This, at least, is a sentiment which has sprung up within myself; and I
imagine that it is the sentiment which has given birth to many of the
opinions or doctrines that seem absurd, and very likely are so, to the
general public. I don't pretend even to have considered those doctrines;
I don't pretend to say what may be the remedies for the restlessness and
uneasiness I feel. I doubt if on this earth there be any remedies; all I
know is, that I feel restless and uneasy."
Graham gazed on her countenance as she spoke with an astonishment not
unmingled with tenderness and compassion, astonishment at the contrast
between a vein of reflection so hardy, expressed in a style of language
that seemed to him so masculine, and the soft velvet dreamy eyes, the
gentle tones, and delicate purity of hues rendered younger still by the
blush that deepened their bloom.
At this moment they had entered the refreshment-room; but a dense group
being round the table, and both perhaps forgetting the object for which
Mrs. Morley had introduced them to each other, they had mechancially
seated themselves on an ottoman in a recess while Isaura was yet
speaking. It must seem as strange to the reader as it did to Graham that
such a speech should have been spoken by so young a girl to an
acquaintance so new; but in truth Isaura was very little conscious of
Graham's presence. She had got on a subject that perplexed and tormented
her solitary thoughts; she was but thinking aloud.

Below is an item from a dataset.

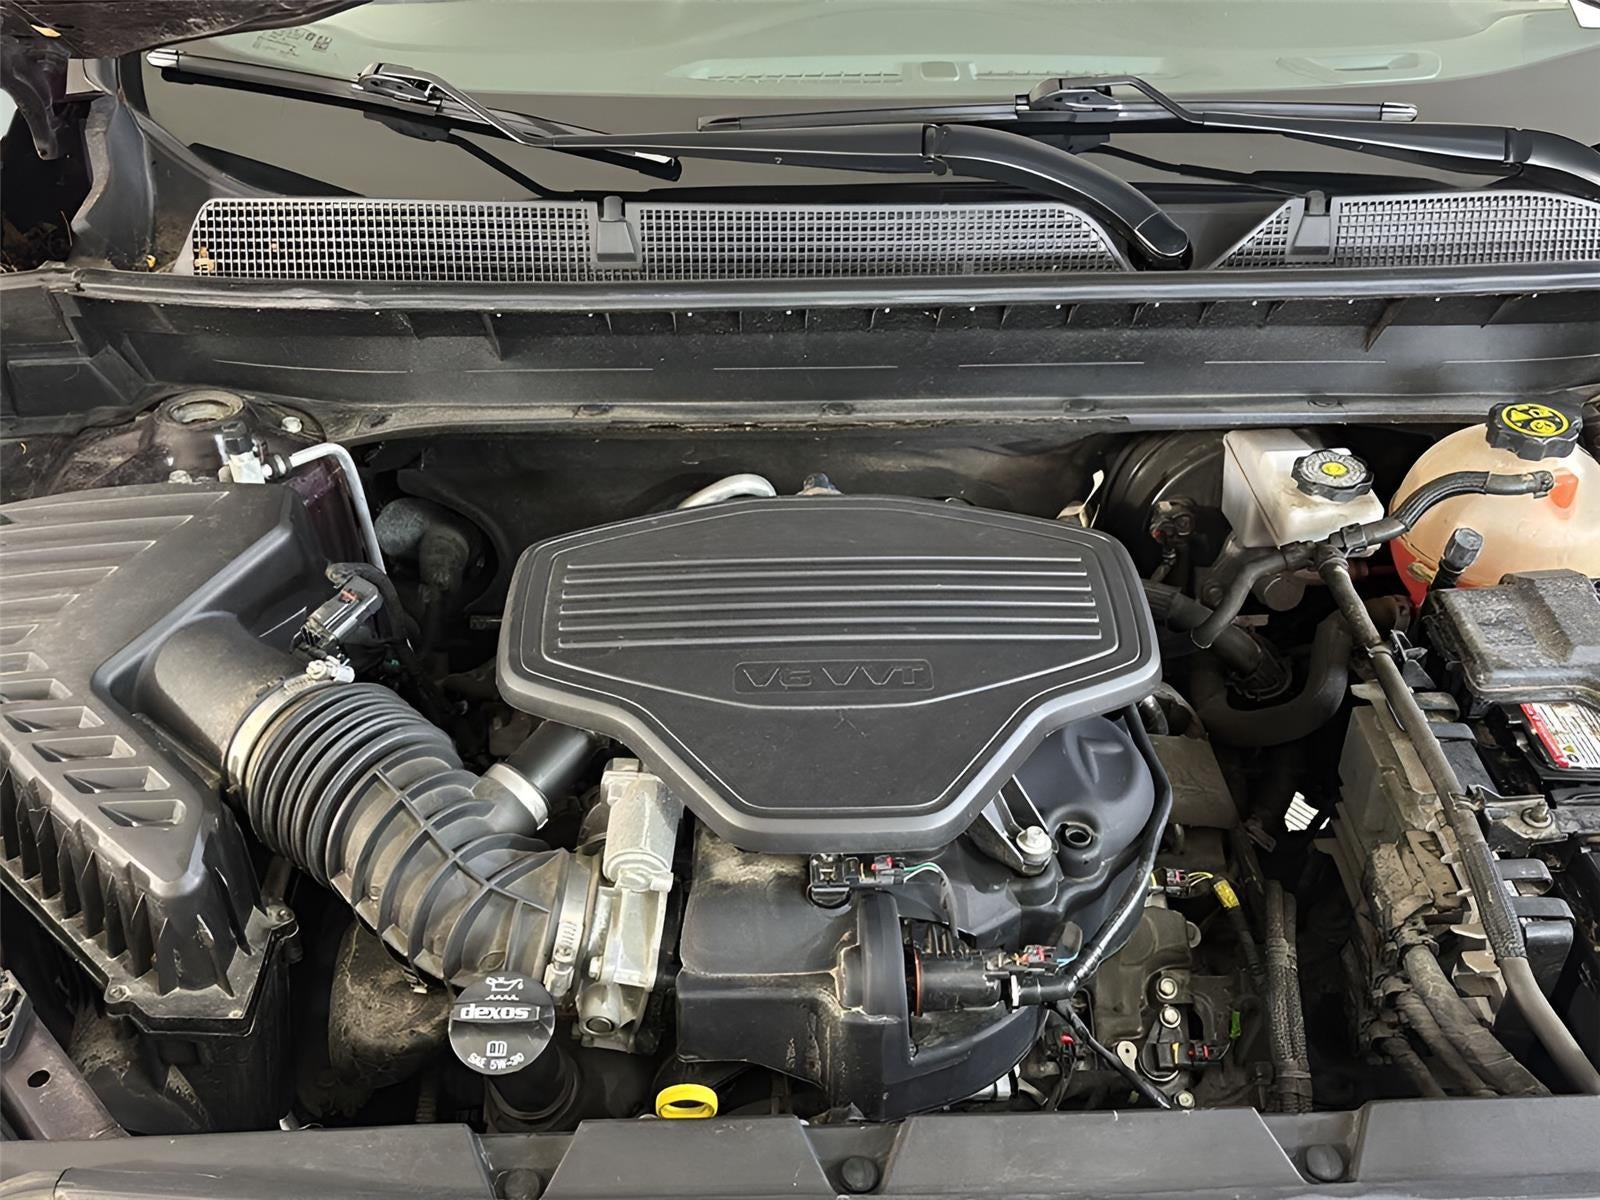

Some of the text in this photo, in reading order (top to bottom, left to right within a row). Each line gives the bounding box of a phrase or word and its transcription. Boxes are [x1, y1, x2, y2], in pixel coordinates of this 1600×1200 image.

"I believe," said Graham, after a pause, "that I comprehend your
sentiment much better than I do Mrs. Morley's opinions; but permit me one
observation. You say truly that the course of modern civilization has
more or less affected the relative position of woman cultivated beyond
that level on which she was formerly contented to stand,--the nearer
perhaps to the heart of man because not lifting her head to his height,
--and hence a sense of restlessness, uneasiness; but do you suppose that,
in this whirl and dance of the atoms which compose the rolling ball of
the civilized world, it is only women that are made restless and uneasy?
Do you not see amid the masses congregated in the wealthiest cities of
the world, writhings and struggles against the received order of things?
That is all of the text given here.